Debt is a financial sandbag which can bring you low and keep you there if you're not able to climb out from under its weight. If your debt has grown to a level that is not easily resolved with a few extra payments and you're facing years of high interest payments, a secured loan for debt consolidation is an excellent financial avenue to pursue.

Using a secured loan to pay off existing debt can save you a significant amount of both time and money. It is likely that unsecured debt, i.e. credit cards, got you into a debt overload initially, but a secured loan will arrange fixed monthly payments for a set term with a low interest rate.

This means that you can pay off the balances of all your credit cards, student loans, and other bills years sooner than you would be able to otherwise and in the process save yourself thousands in interest fees.

How to:

There are many forms of secured loans for debt consolidation, but the most common is a home equity loan. Others would include a loan using a car or other valuable object as collateral. A home equity loan takes advantage of the amount you actually own in your home. If you have a mortgage, the equity is the different between the amount you still owe and the amount the house is actually worth on the market.
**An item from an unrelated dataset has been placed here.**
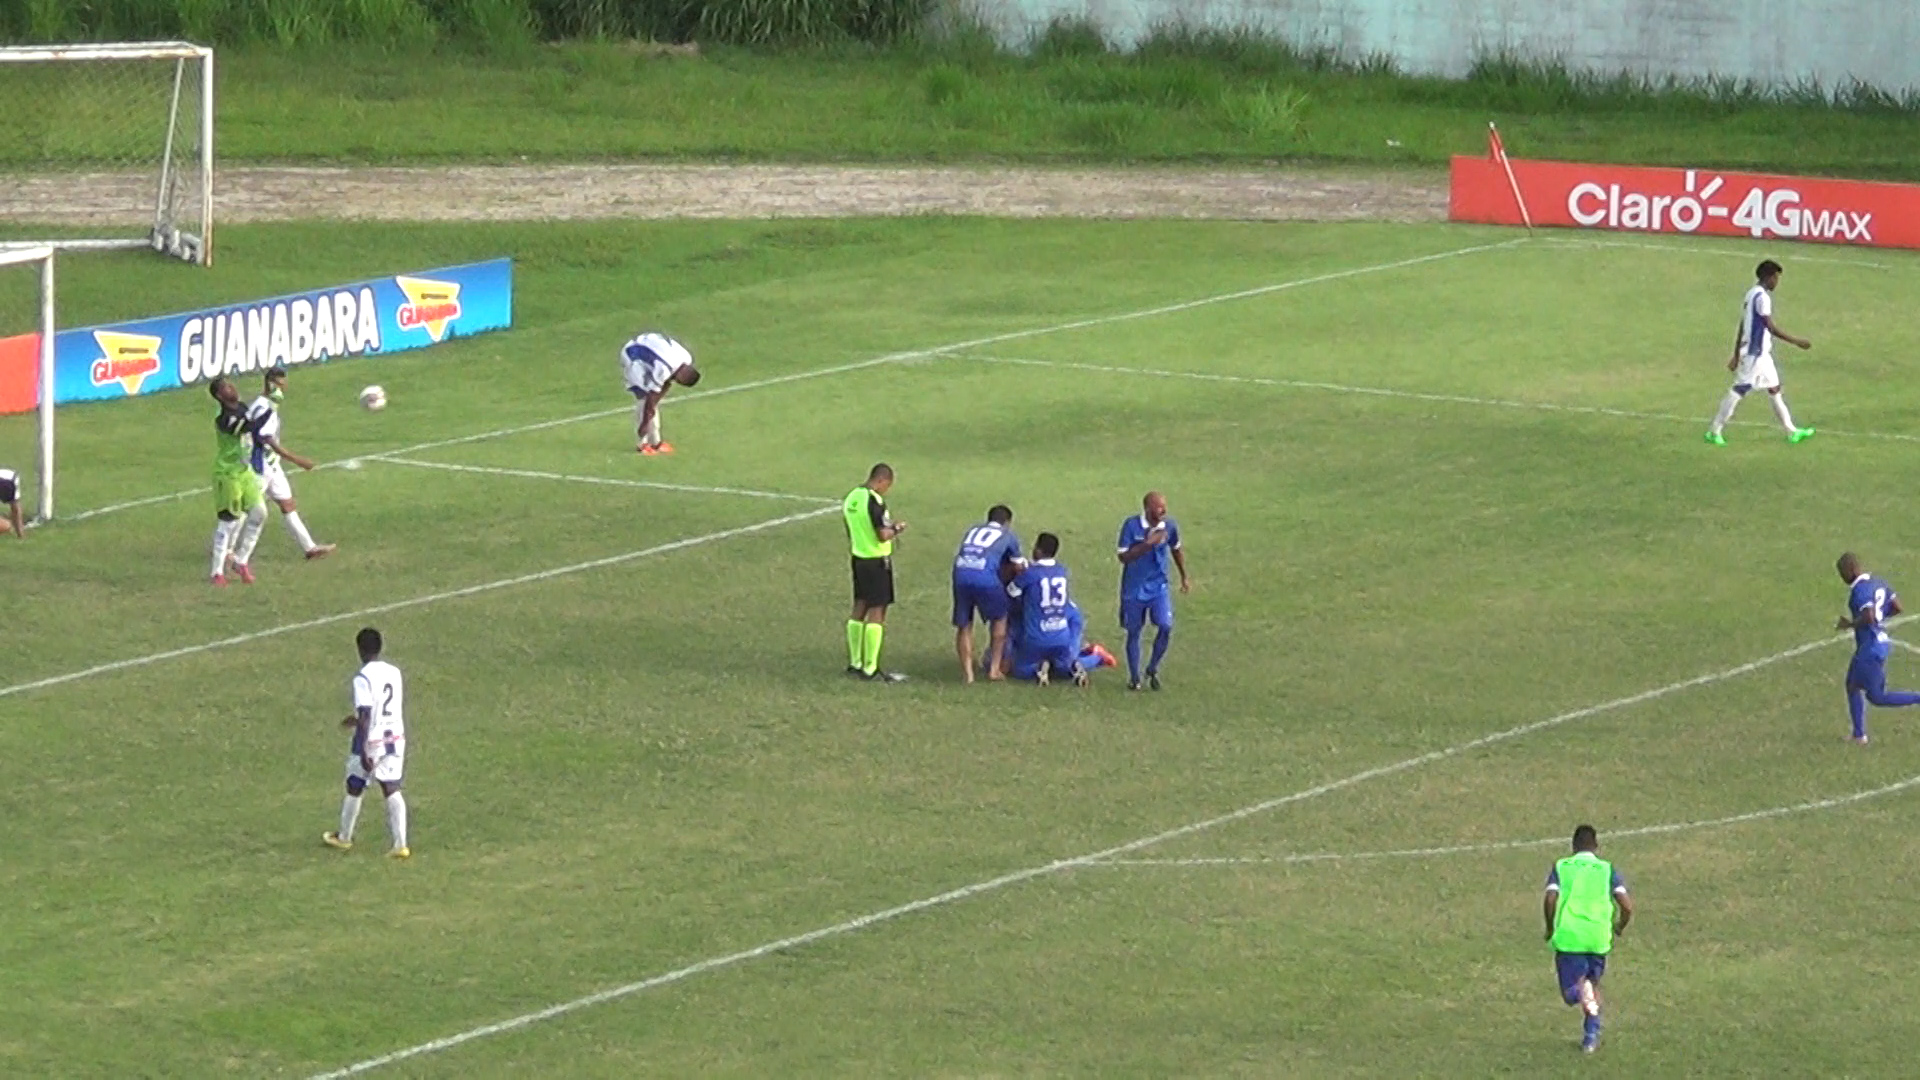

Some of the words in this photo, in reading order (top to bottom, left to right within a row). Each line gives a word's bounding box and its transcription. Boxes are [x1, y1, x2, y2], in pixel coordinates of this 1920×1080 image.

By borrowing a portion of your equity from your own home, you are guaranteeing the bank you'll be repaying the loan by using your house as collateral. Often the amount of equity you can borrow is limited by your area, but even a small percentage of the equity most homeowners have is enough to open up the door to financial freedom.

If you are not a homeowner, there are still options available that take advantage of the low interest rates and bank cooperation of a secured loan. Any object you own or have equity in including a business, an automobile, life insurance, or other investments can secure a loan for debt consolidation. Banks realize that debt consolidation is a major gain in your financial freedom and offer many avenues to help you reach success.

Approach with Caution:

Debt consolidation is a worthy and excellent means to get ahead in your life and free yourself from old baggage. The primary risk using a secured loan for debt consolidation is the collateral you're using. By putting your home up as collateral on the loan, you are effectively telling the bank that they can have your home should you default on the loan. The same is true for any collateral used to secure a loan.

Be reasonable about using a secured loan for debt consolidation. Borrow only the amount needed to pay off old debts and be sure the payment established is an amount you are able to pay easily. It should be much lower than the minimum payments of your old debt combined. When you've paid off the old debts, refrain from using the lines of credit or opening new accounts that will simply fill again. If you allow this to happen, you'll be in twice as much debt - but this time with your home at risk.